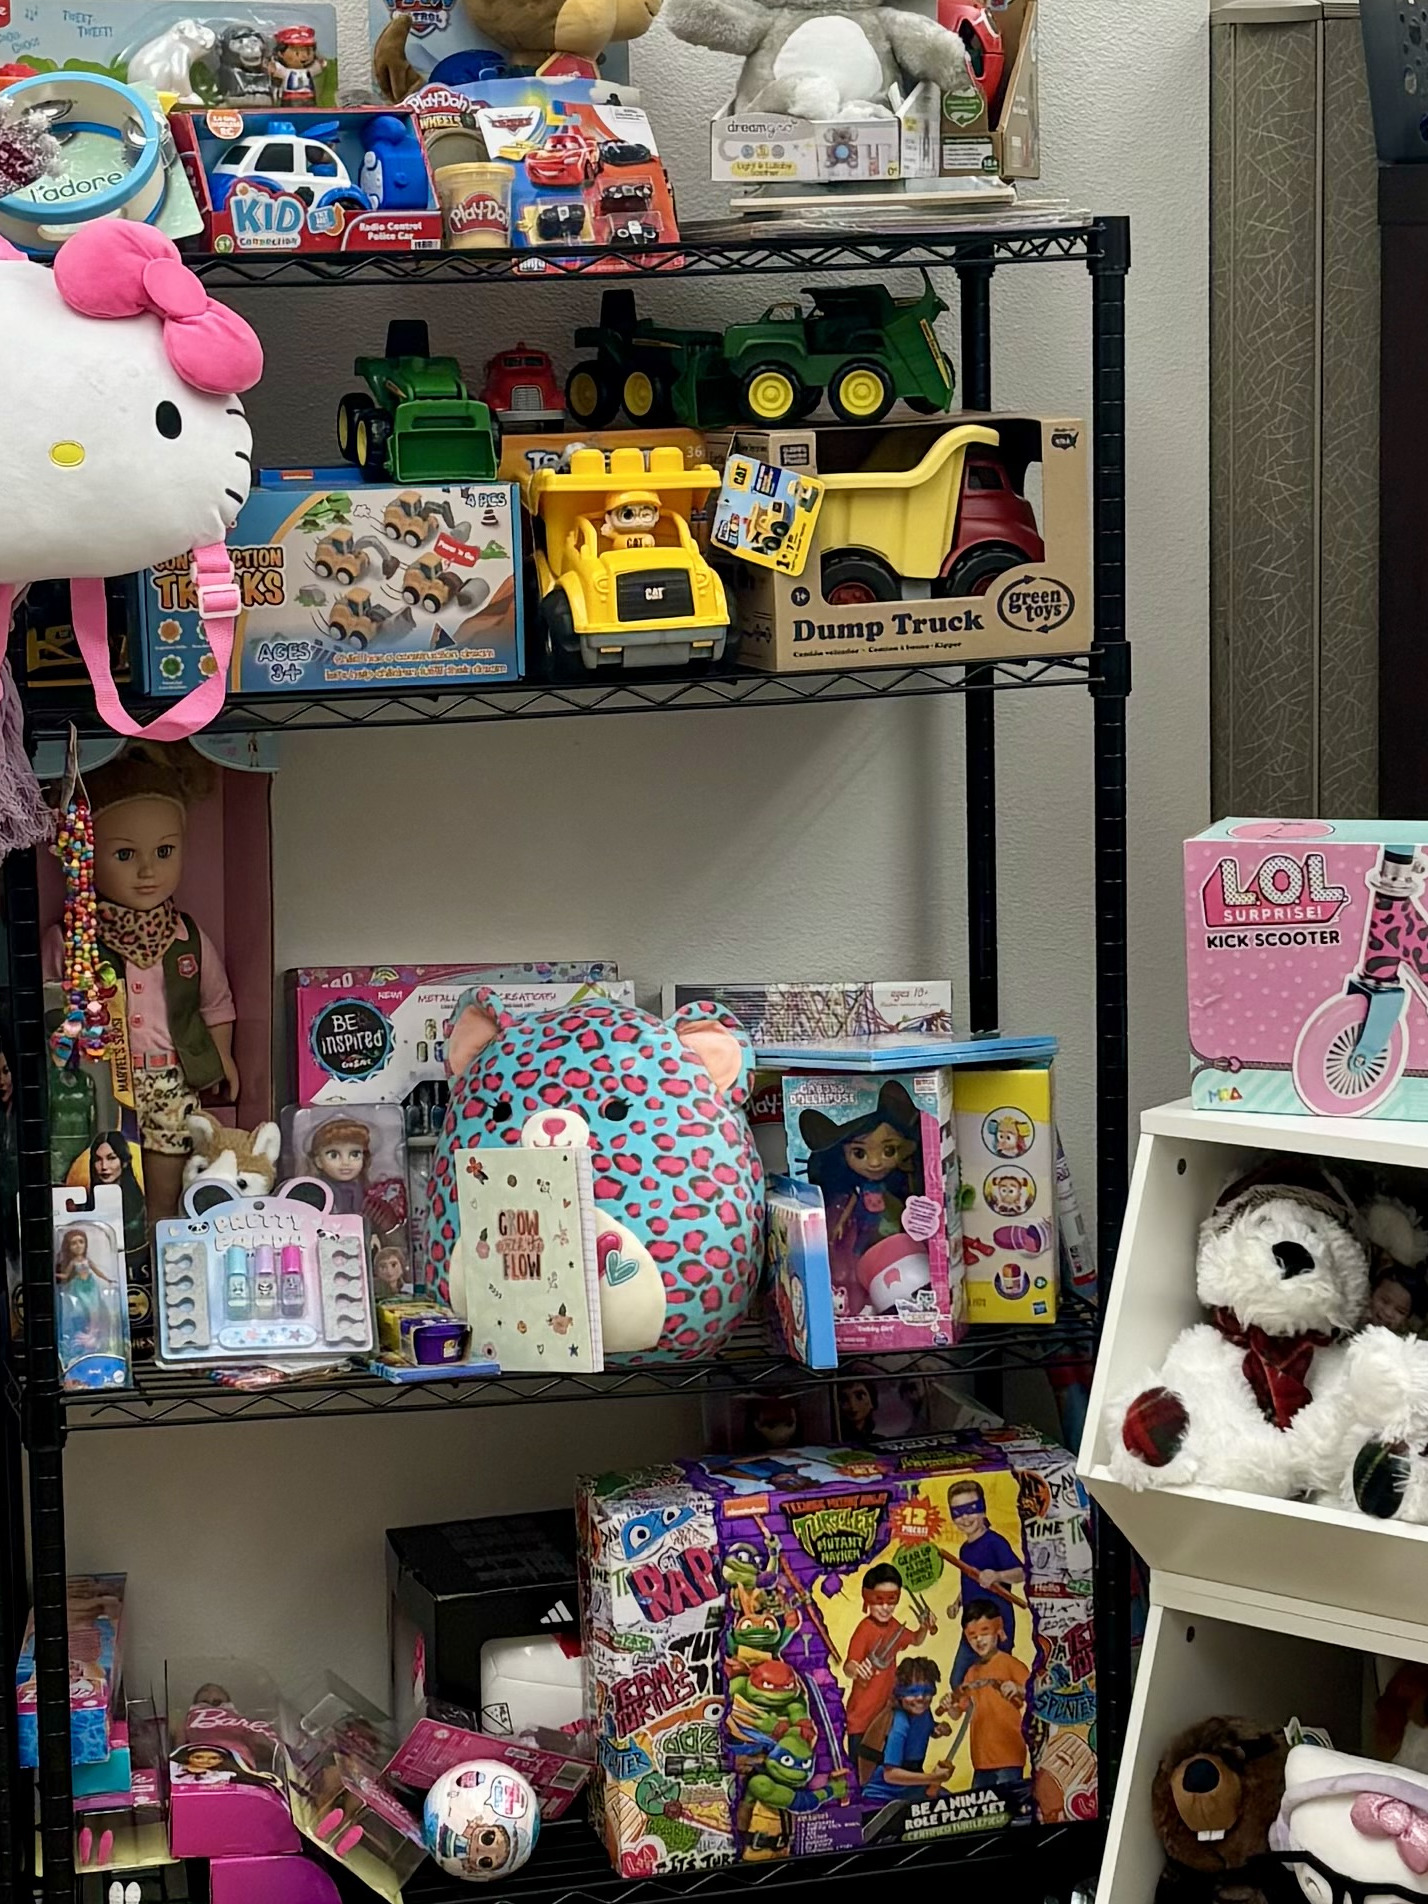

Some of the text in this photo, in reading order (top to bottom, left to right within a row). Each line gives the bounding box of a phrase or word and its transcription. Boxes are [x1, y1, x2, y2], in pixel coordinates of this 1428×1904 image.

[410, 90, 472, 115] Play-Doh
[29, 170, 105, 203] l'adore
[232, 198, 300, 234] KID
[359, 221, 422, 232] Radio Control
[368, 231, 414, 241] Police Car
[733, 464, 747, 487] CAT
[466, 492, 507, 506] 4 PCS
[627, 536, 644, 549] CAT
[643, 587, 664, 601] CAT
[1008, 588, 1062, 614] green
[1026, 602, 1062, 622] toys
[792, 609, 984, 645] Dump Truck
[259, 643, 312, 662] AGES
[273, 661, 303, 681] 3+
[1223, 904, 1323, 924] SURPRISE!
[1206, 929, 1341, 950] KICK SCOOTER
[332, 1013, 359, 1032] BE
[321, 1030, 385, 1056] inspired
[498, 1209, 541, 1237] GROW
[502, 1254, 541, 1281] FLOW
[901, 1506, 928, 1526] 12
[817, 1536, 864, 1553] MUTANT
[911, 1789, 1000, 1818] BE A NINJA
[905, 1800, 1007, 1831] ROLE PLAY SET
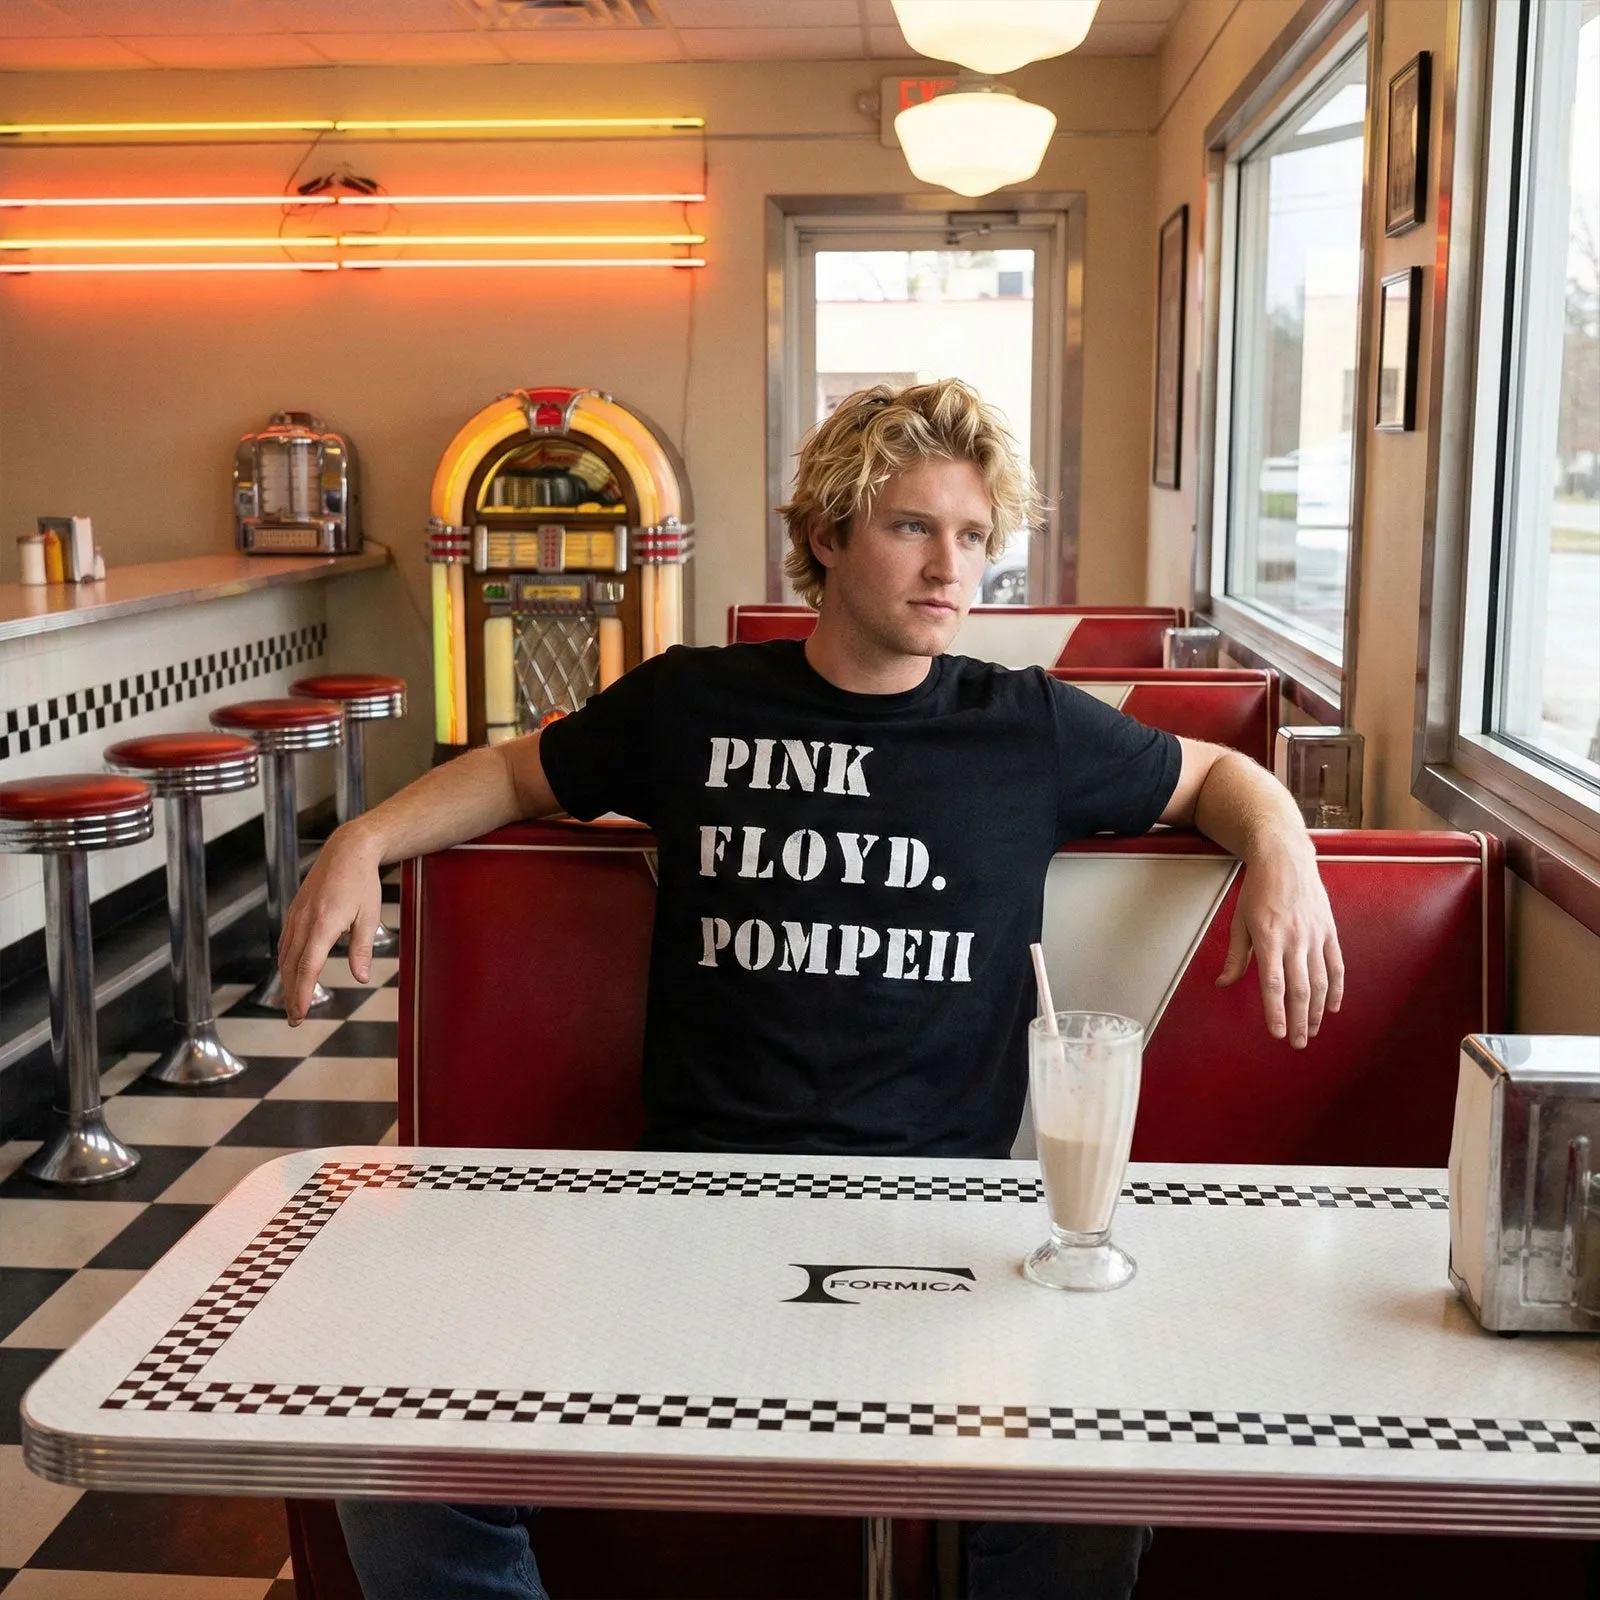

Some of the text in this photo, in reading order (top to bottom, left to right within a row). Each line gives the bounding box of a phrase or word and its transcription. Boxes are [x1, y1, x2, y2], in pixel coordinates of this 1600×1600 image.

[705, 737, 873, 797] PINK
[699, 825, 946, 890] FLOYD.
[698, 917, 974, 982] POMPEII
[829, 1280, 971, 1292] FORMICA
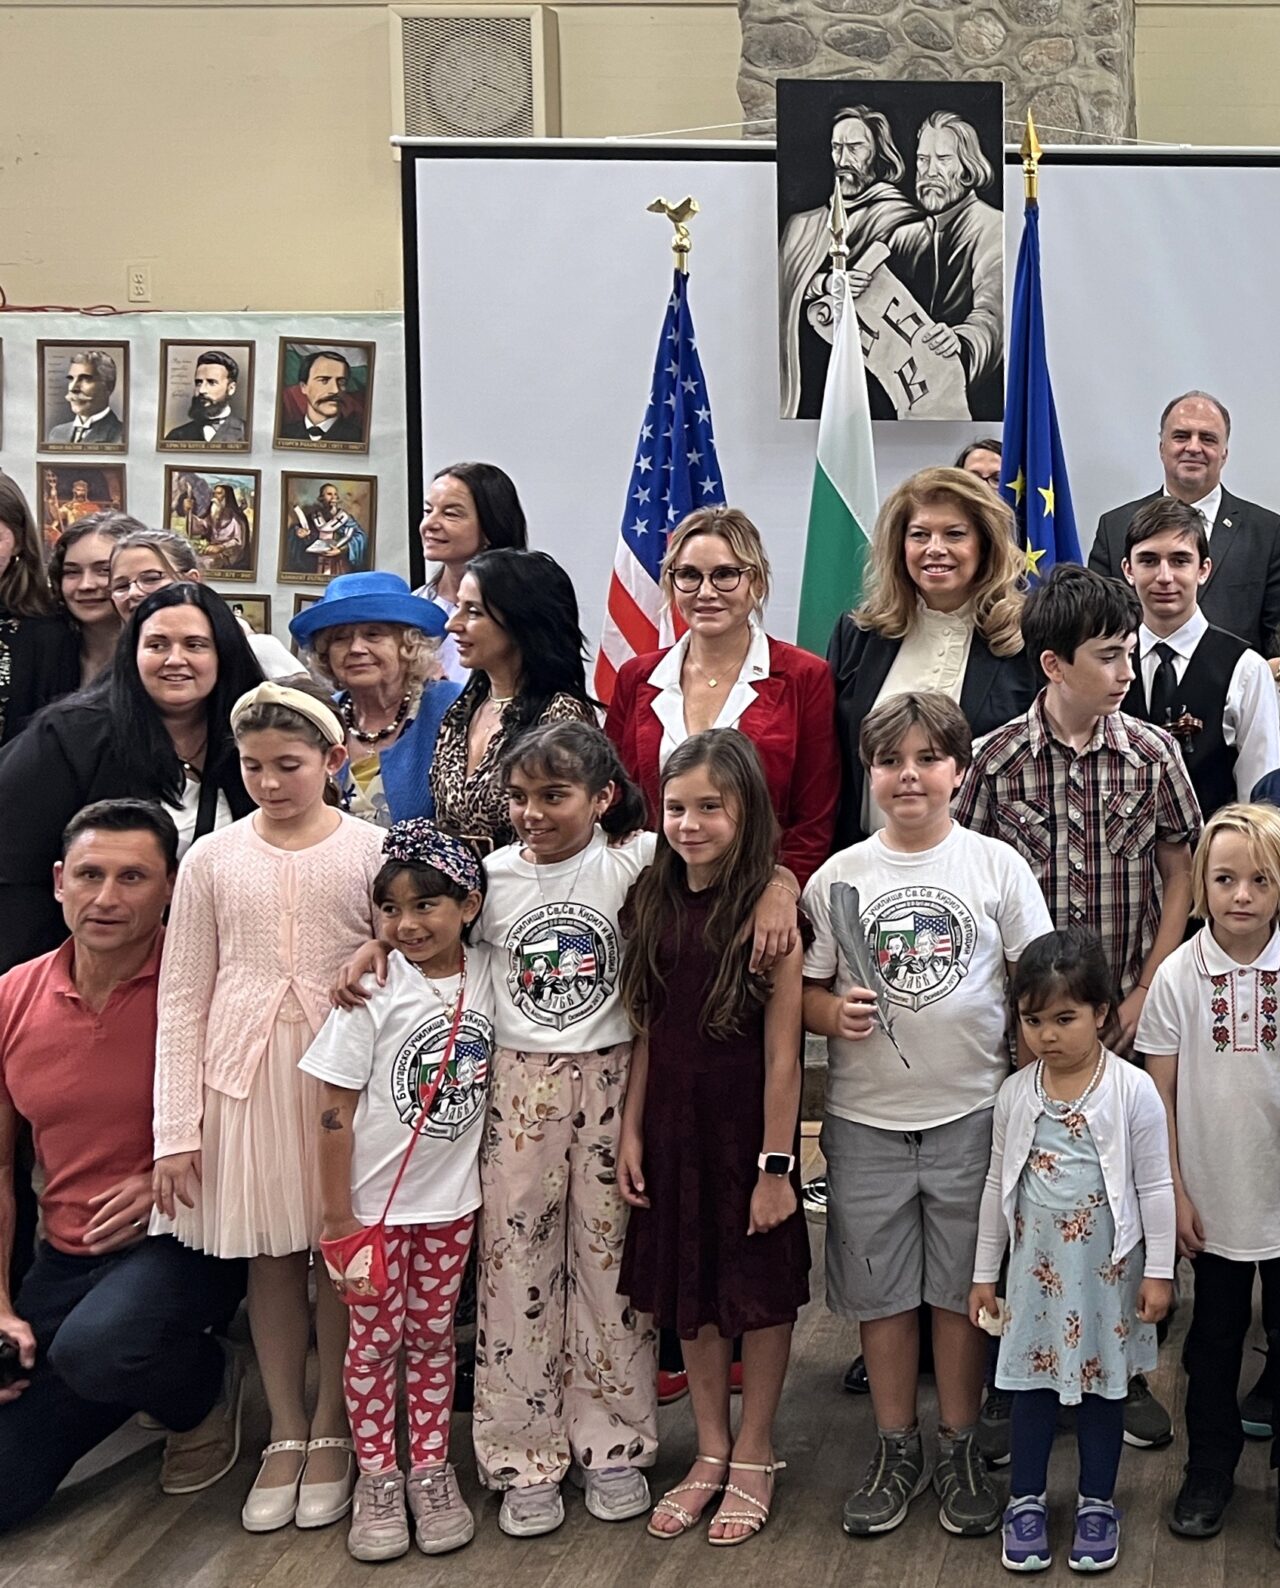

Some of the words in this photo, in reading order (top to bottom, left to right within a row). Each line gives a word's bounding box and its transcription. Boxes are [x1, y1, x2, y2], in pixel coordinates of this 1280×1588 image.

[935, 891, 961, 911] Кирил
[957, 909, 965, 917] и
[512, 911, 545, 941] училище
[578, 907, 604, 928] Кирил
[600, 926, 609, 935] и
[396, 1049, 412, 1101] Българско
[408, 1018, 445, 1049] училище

+++

WORK TO COMPLETE: The answer is every line of the data, exactly as written, with the pictures dropped.

ANSWER TO THE PROBLEM:
Some of the text in this photo, in reading order (top to bottom, left to right within a row). Each line gives the bounding box of a phrase or word and its transcription. Boxes are [x1, y1, x2, y2], in pixel coordinates of this 1428×1904 image.

[410, 90, 472, 115] Play-Doh
[29, 170, 105, 203] l'adore
[232, 198, 300, 234] KID
[359, 221, 422, 232] Radio Control
[368, 231, 414, 241] Police Car
[733, 464, 747, 487] CAT
[466, 492, 507, 506] 4 PCS
[627, 536, 644, 549] CAT
[643, 587, 664, 601] CAT
[1008, 588, 1062, 614] green
[1026, 602, 1062, 622] toys
[792, 609, 984, 645] Dump Truck
[259, 643, 312, 662] AGES
[273, 661, 303, 681] 3+
[1223, 904, 1323, 924] SURPRISE!
[1206, 929, 1341, 950] KICK SCOOTER
[332, 1013, 359, 1032] BE
[321, 1030, 385, 1056] inspired
[498, 1209, 541, 1237] GROW
[502, 1254, 541, 1281] FLOW
[901, 1506, 928, 1526] 12
[817, 1536, 864, 1553] MUTANT
[911, 1789, 1000, 1818] BE A NINJA
[905, 1800, 1007, 1831] ROLE PLAY SET

Some of the text in this photo, in reading order (top to bottom, left to right within a row). Each line gives the bounding box of a phrase or word and its transcription. Boxes are [x1, y1, x2, y2], in pixel coordinates of this 1600×1600 image.

[705, 737, 873, 797] PINK
[699, 825, 946, 890] FLOYD.
[698, 917, 974, 982] POMPEII
[829, 1280, 971, 1292] FORMICA

Some of the words in this photo, in reading order (top to bottom, left to right within a row). Each line gives a word's bounding box and its transcription. Boxes are [x1, y1, x2, y2], in pixel coordinates of this 1280×1588 image.

[935, 891, 961, 911] Кирил
[957, 909, 965, 917] и
[512, 911, 545, 941] училище
[578, 907, 604, 928] Кирил
[600, 926, 609, 935] и
[396, 1049, 412, 1101] Българско
[408, 1018, 445, 1049] училище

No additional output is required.